Anne Kodura’s meticulously composed documentary struggles to outgrow its childlike gaze.


WASTELAND

WASTELAND – SO THAT NO ONE BECOMES AWARE OF IT (ÖDLAND – DAMIT KEINER DAS SO MITBEMERKT, Germany) from Berlinale Generation meditates upon the rural ghettoization of asylum seekers from a child’s eye view. Revolving around a group of young Syrian and Lebanese children living in asylum in Germany, the film is a visual marvel, yet it fails to grapple with the true implications of this social problem. Director Anne Kodura, who previously worked as a script supervisor, frames the story of the spirited Mohammed, Mustafa and Aya in classical form. Owing to Kodura’s background in continuity, the film is rigorously constructed, with meticulous black & white camera setups and seamlessly clean editing. The film’s core strength is the way in which Kodura captures the children’s behaviour without seeming at all intrusive, yet remaining intensely formal in style.

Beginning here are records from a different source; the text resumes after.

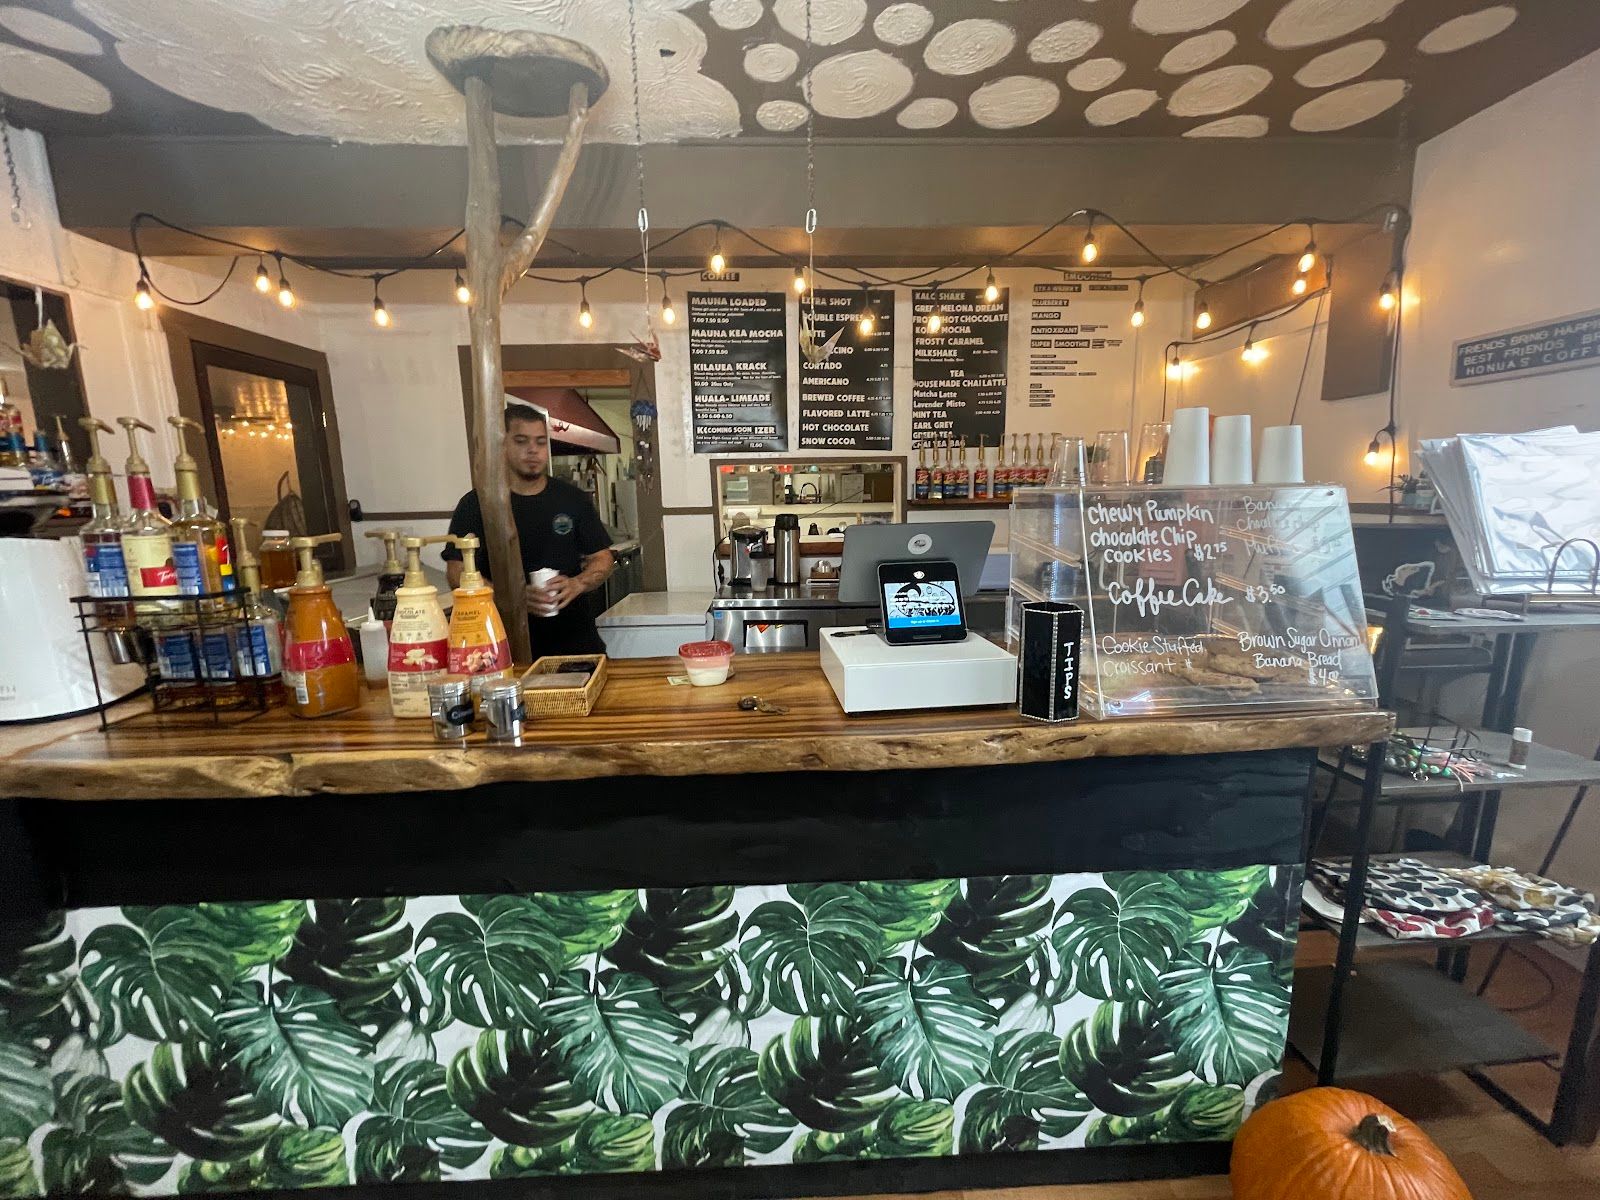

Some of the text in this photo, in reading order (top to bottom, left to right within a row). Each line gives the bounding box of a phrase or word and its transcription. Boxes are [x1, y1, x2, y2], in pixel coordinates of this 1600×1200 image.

[702, 272, 736, 280] COFFEE
[692, 297, 767, 306] MAUNA LOADED
[830, 298, 852, 306] SHOT
[940, 304, 974, 312] MELONA
[975, 304, 1004, 312] DREAM
[836, 314, 876, 322] ESPRESO
[960, 314, 1008, 323] CHOCOLATE
[692, 329, 784, 338] MAUNA KEA MOCHA
[948, 338, 984, 346] CARAMEL
[1032, 340, 1051, 348] SUPER
[1055, 340, 1090, 348] SMOOTHIE
[914, 348, 958, 356] MILKSHAKE
[1464, 352, 1494, 366] BEST
[1504, 339, 1566, 358] FRIENDS
[694, 362, 767, 371] KILAUEA KRACK
[802, 362, 842, 370] CORTADO
[950, 370, 964, 378] TEA
[802, 378, 850, 386] AMERICANO
[982, 378, 1006, 386] LATTE
[802, 394, 834, 402] BREWED
[802, 410, 844, 418] FLAVORED
[846, 410, 870, 418] LATTE
[912, 410, 931, 418] MINT
[802, 423, 869, 432] HOT CHOCOLATE
[914, 422, 932, 430] EARL
[1146, 500, 1214, 526] Pumpkin
[1160, 526, 1198, 549] Chip
[1108, 577, 1183, 617] Coffee
[1182, 577, 1234, 607] Cake
[1237, 632, 1286, 652] Brown
[1286, 627, 1317, 653] Sugar
[1102, 635, 1204, 656] Cookie Stuffed
[1252, 649, 1342, 670] Banana Bread
[1063, 642, 1075, 700] TIPS
[1103, 658, 1176, 677] Croissant
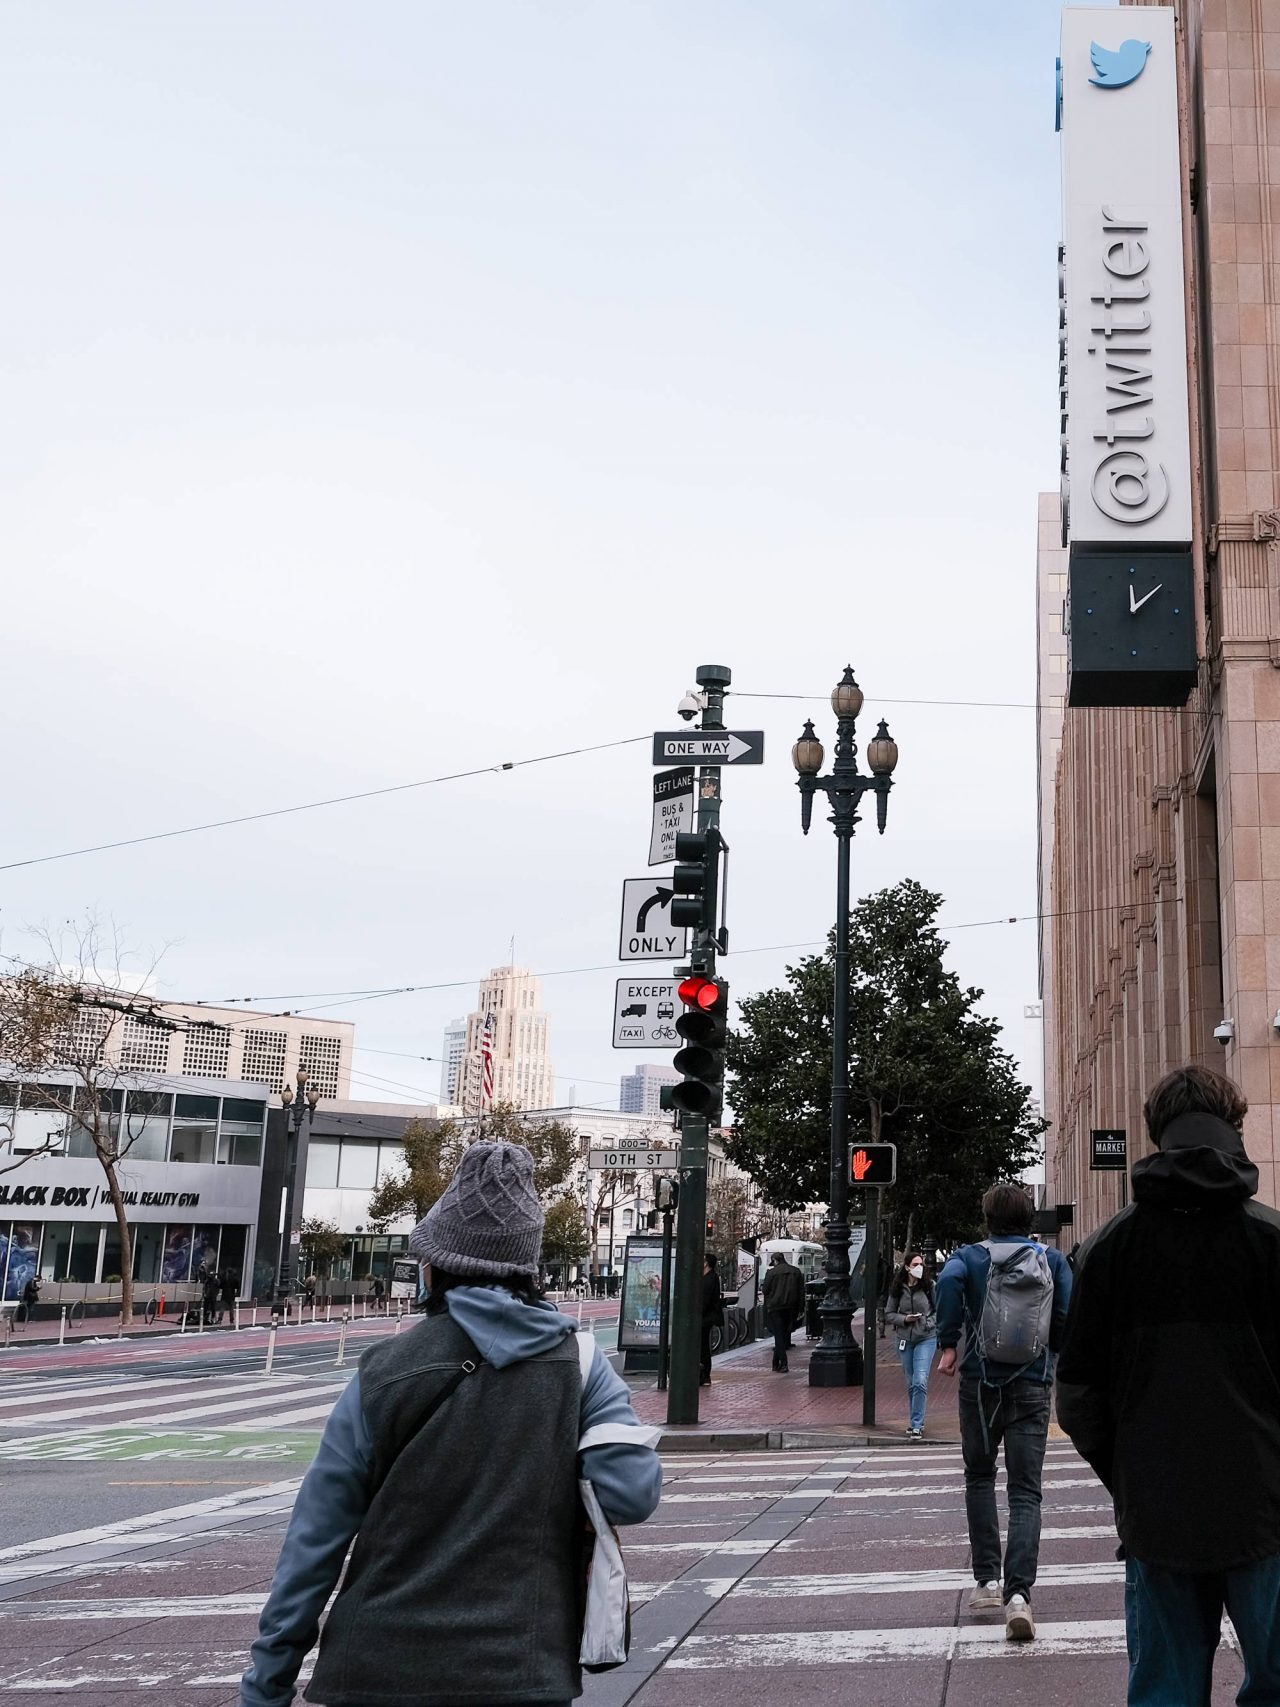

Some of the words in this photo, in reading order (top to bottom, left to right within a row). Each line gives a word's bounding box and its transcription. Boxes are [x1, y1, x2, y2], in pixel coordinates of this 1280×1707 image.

[1087, 204, 1170, 524] @twitter
[667, 742, 695, 754] ONE
[702, 742, 730, 754] WAY
[654, 780, 671, 794] LEFT
[672, 775, 692, 789] LANE
[662, 804, 677, 817] BUS
[678, 802, 684, 812] &
[664, 817, 680, 829] TAXI
[661, 830, 680, 844] ONL
[629, 937, 677, 953] ONLY
[628, 986, 673, 997] EXCEPT
[1096, 1142, 1126, 1153] MARKET
[604, 1154, 636, 1165] 10TH
[647, 1154, 662, 1165] ST
[50, 1187, 91, 1207] BOX
[140, 1191, 179, 1207] REALITY
[178, 1193, 200, 1208] GYM

The strong approach to form is entirely in service to the concept that the film must represent the child’s perspective. There is something magical in the children’s adventures around their home. The block of flats in which they live is surrounded by fields, wind turbines, woodland and a marvelous stockpile of junk. Kodura shows this landscape as a playground for the children’s creative minds; in one nighttime shot the turbines look like giants with lights for eyes in the desolate German countryside. However, this transcendence distracts from the readily apparent social disconnection that the children experience.

We are never shown the children’s parents, yet we hear them in voiceover, painting an entirely contradictory picture to the film’s visuals. The parents express their dissatisfaction with being so isolated in Germany, yet Kodura’s choice to physically separate them from their children actually retracts the weight of their words. We are made to feel that the children are alienated from their parents, yet this is not the case; the parents and children as a group are lost without a community.

Ultimately the film fails to develop its concept beyond the children’s point-of-view. Had Kodura shot contrasting scenes from the adult perspective, the film would have achieved a pertinent counterpoint which would expound the problem of ghettoization. Instead the film is a childlike flight of fancy, built upon a disconcerting backdrop of cultural alienation.